今更きけない。移転価格税制とは

グローバルに展開している企業に関わる言葉として「移転価格税制」というものがあります。

これを知らないと、多大な税金を払うことになって企業が大ダメージを負うことがあります。

価格次第で収める税金を少なくできそうな「移転価格」の例

まず移転価格とは、子会社などのグループ内の取引価格のことを言います。

日本の親会社が海外の子会社に製品を販売する場合、身内同士ですから好きな価格で取引ができるように見えます。しかし、それぞれの国で税金を収めることを考えると、上手いやり口が見えてきます。

たとえば、親会社がコスト1,000掛かる製品を子会社に価格1,200で売ります。これで、親会社の利益は200です。そして、子会社がその製品を顧客に2,000で売った場合、子会社の利益は800。合計すると1,000の利益が生まれます。

同じコストの製品を、親会社が子会社に価格1,500で売り、子会社が顧客に2,000で売ってみます。利益は500プラス500で、これもトータルの利益は1,000です。これら2つは、どちらも差がないように見えます。

しかし、ここに税が絡むと大きく変わります。たとえば親会社がある日本では売り上げの10%を税金として払わなければならず、子会社がある海外では20%だとします。

すると、前者は20プラス160で合計180が徴収され、後者は50プラス100で合計150が徴収されることに。結果的に、後者の方法を取ったほうがグループに残る利益が多いことになります。

納税額を適正にするために生まれた「移転価格税制」

上記のように取引を工夫すれば、税金をほとんど収めることなく多大な利益を得られそうです。しかし、これは不適正な取引。そこで生まれたものが「移転価格税制」。上記のような関連企業との取引を、独立した第三者とした価格で計算し直すというものです。

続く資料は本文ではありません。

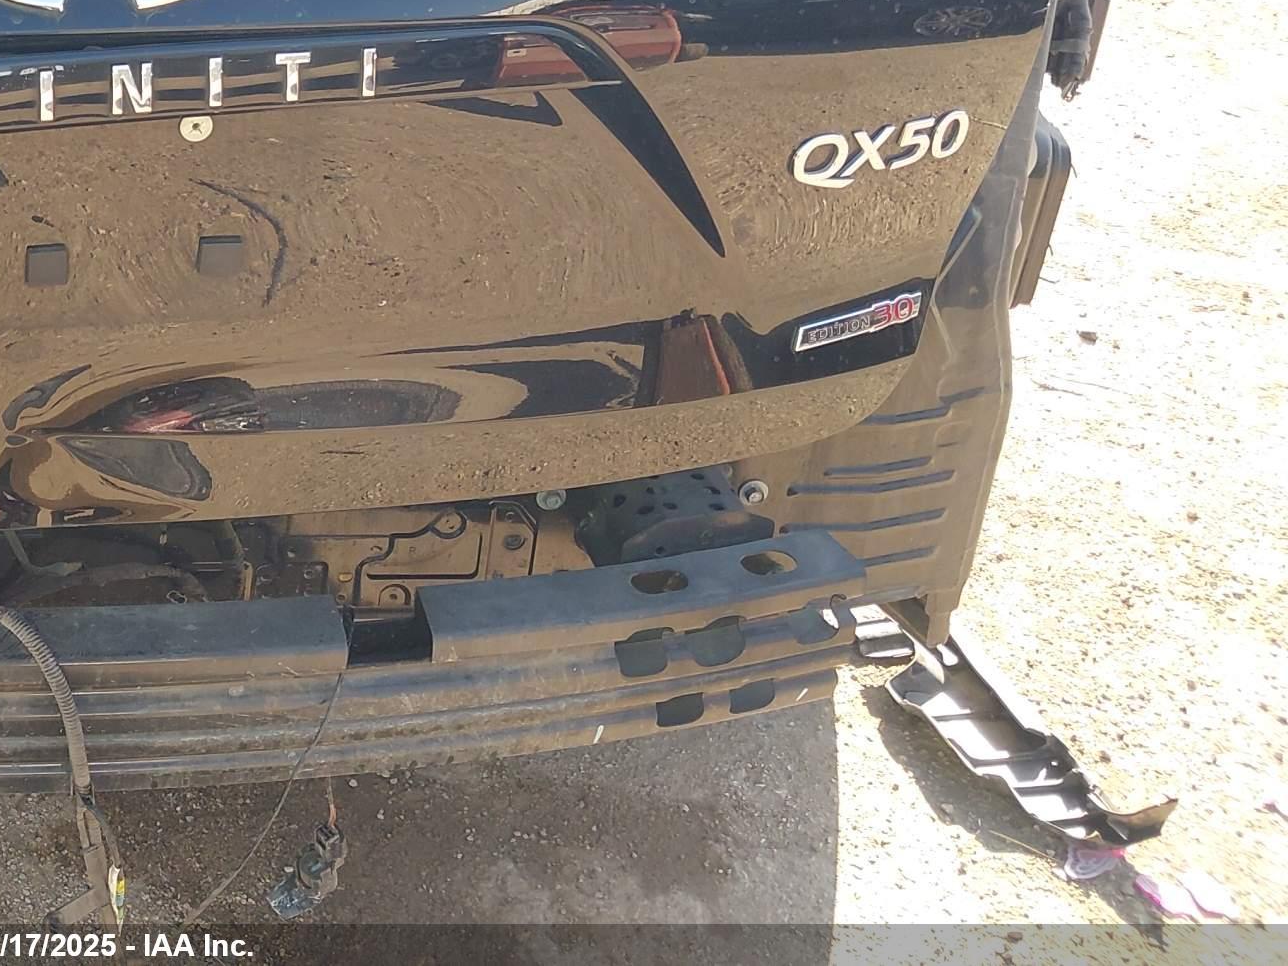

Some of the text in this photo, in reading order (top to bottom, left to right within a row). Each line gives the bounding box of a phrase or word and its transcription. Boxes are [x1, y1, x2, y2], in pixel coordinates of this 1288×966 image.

[790, 109, 970, 189] QX50
[807, 297, 914, 344] EDITION 30
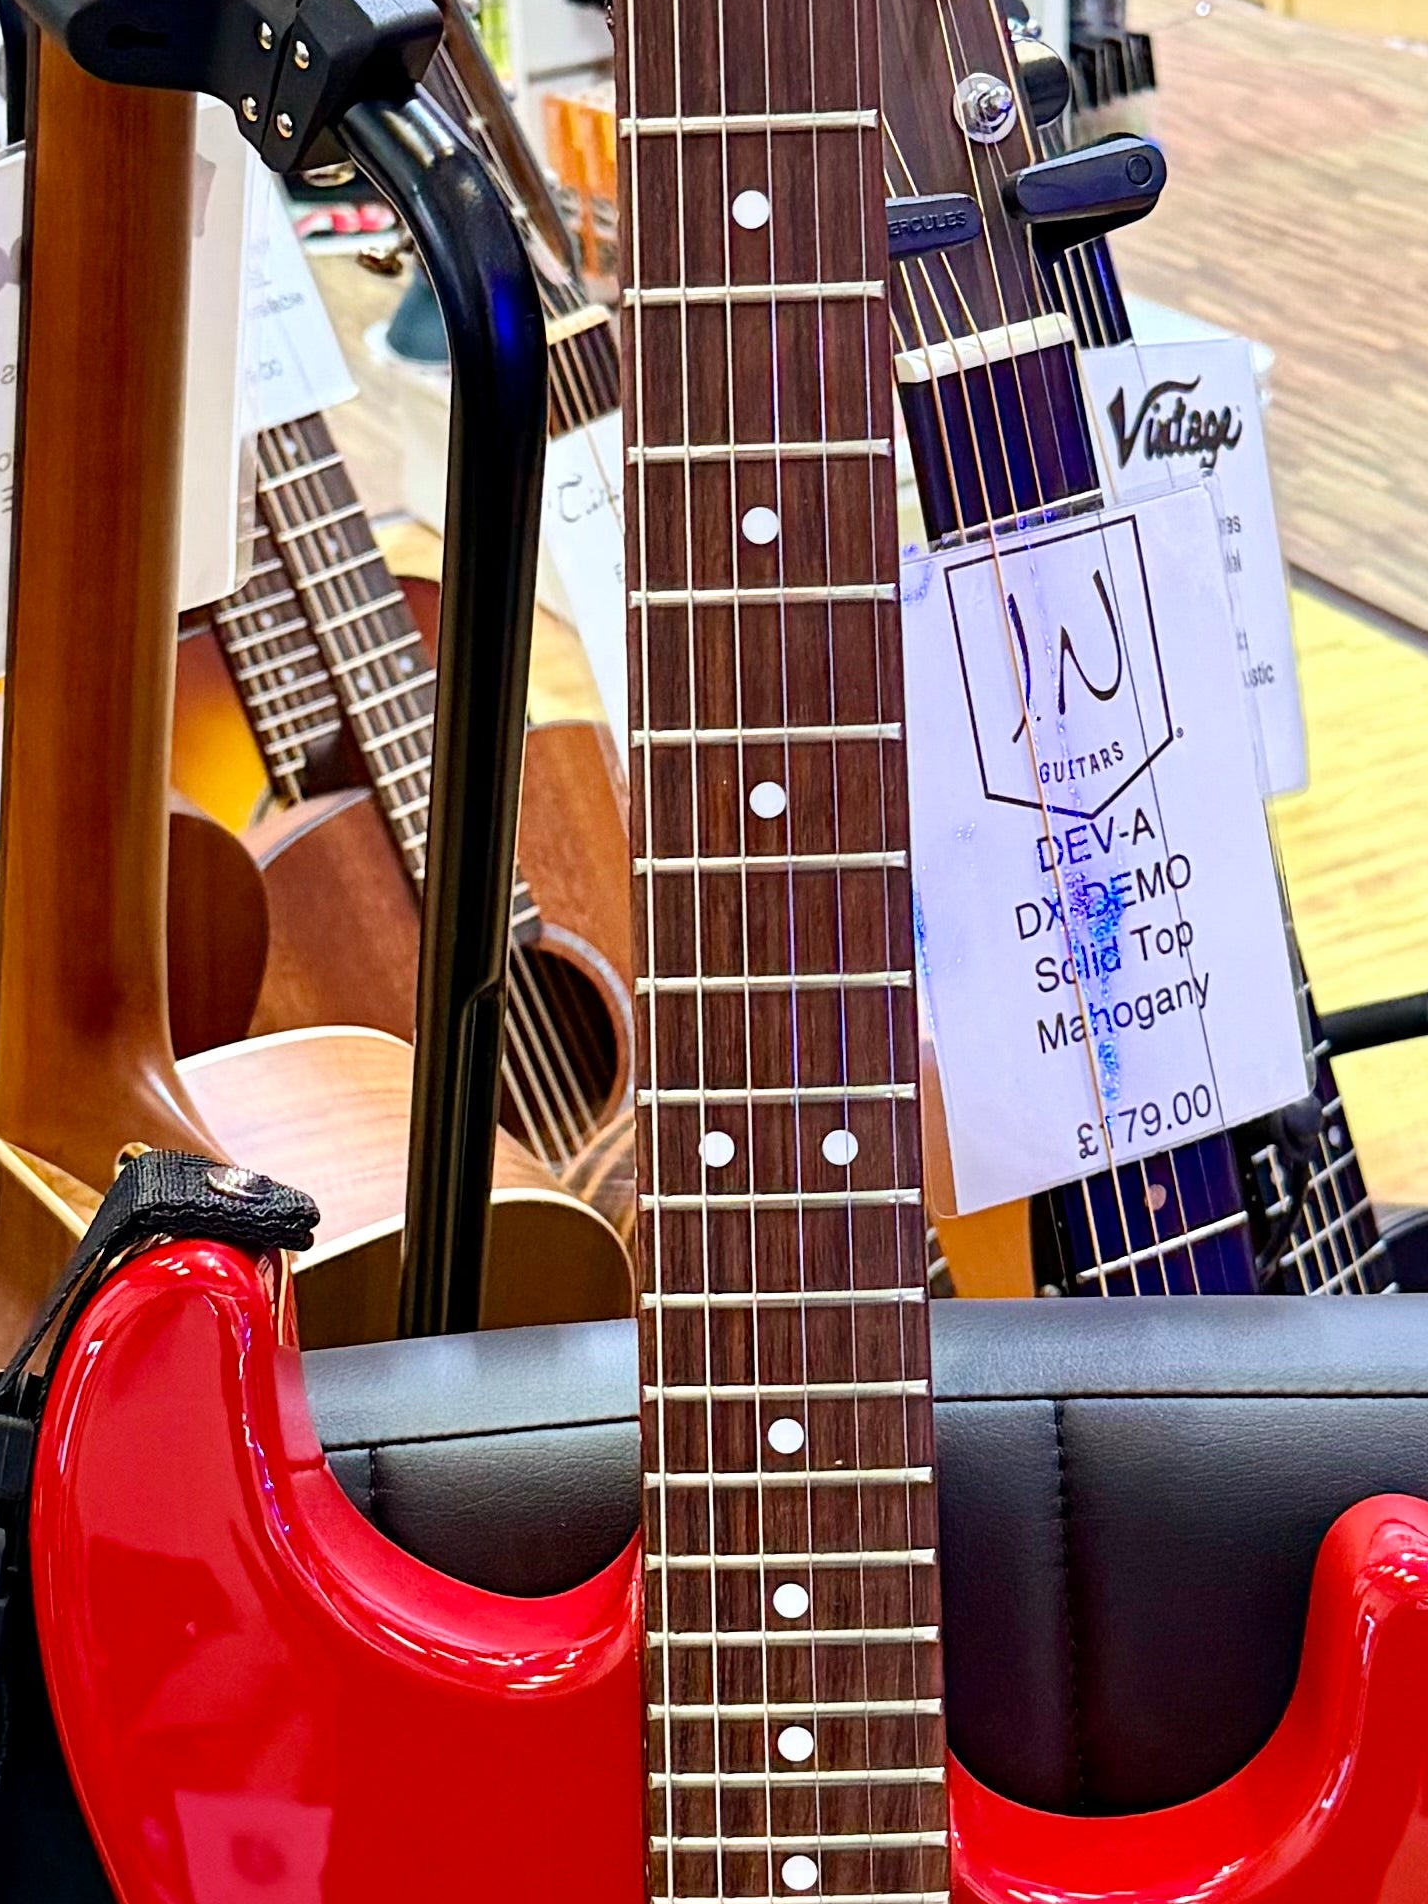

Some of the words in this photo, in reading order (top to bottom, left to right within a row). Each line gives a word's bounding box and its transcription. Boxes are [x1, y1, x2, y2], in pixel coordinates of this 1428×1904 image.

たとえば上記前者の例では、子会社が顧客にたいして2,000の価格で製品を売っています。そのため、親会社から子会社にたいしても価格2,000で売ったと見なします。そのため、親会社の利益は200ではなく1,000ということになり、徴収すべき税金は100です。

余分に税金を支払って大きな負担が掛かる恐れアリ

このような移転価格税制のもっとも大きな問題は二重課税です。たとえば、上記の例では結局、日本の親会社が100の税金を払うことになりました。

しかし、それで子会社が支払う税金が減るかというと、税務当局の対応によってはそうとはかぎらない場合があります。

つまり、移転価格税制が適用される以前の160を子会社が支払い、トータルで260が税収されてしまうことがあるというわけです。このような二重課税は企業にとってあまりに大き過ぎる負担です。

このようなリスクを避けるためにも、事前確認によって移転価格税制を行わないという申告を行う、万が一二重課税が生じたら相互協議を行うなどの対応が求められます。

勤務している会社や業種などによっては全く関わりがない語句かもしれません。しかし、グローバル社会で生きていく以上、このような言葉は知識としてぜひとも知っておきたいところです。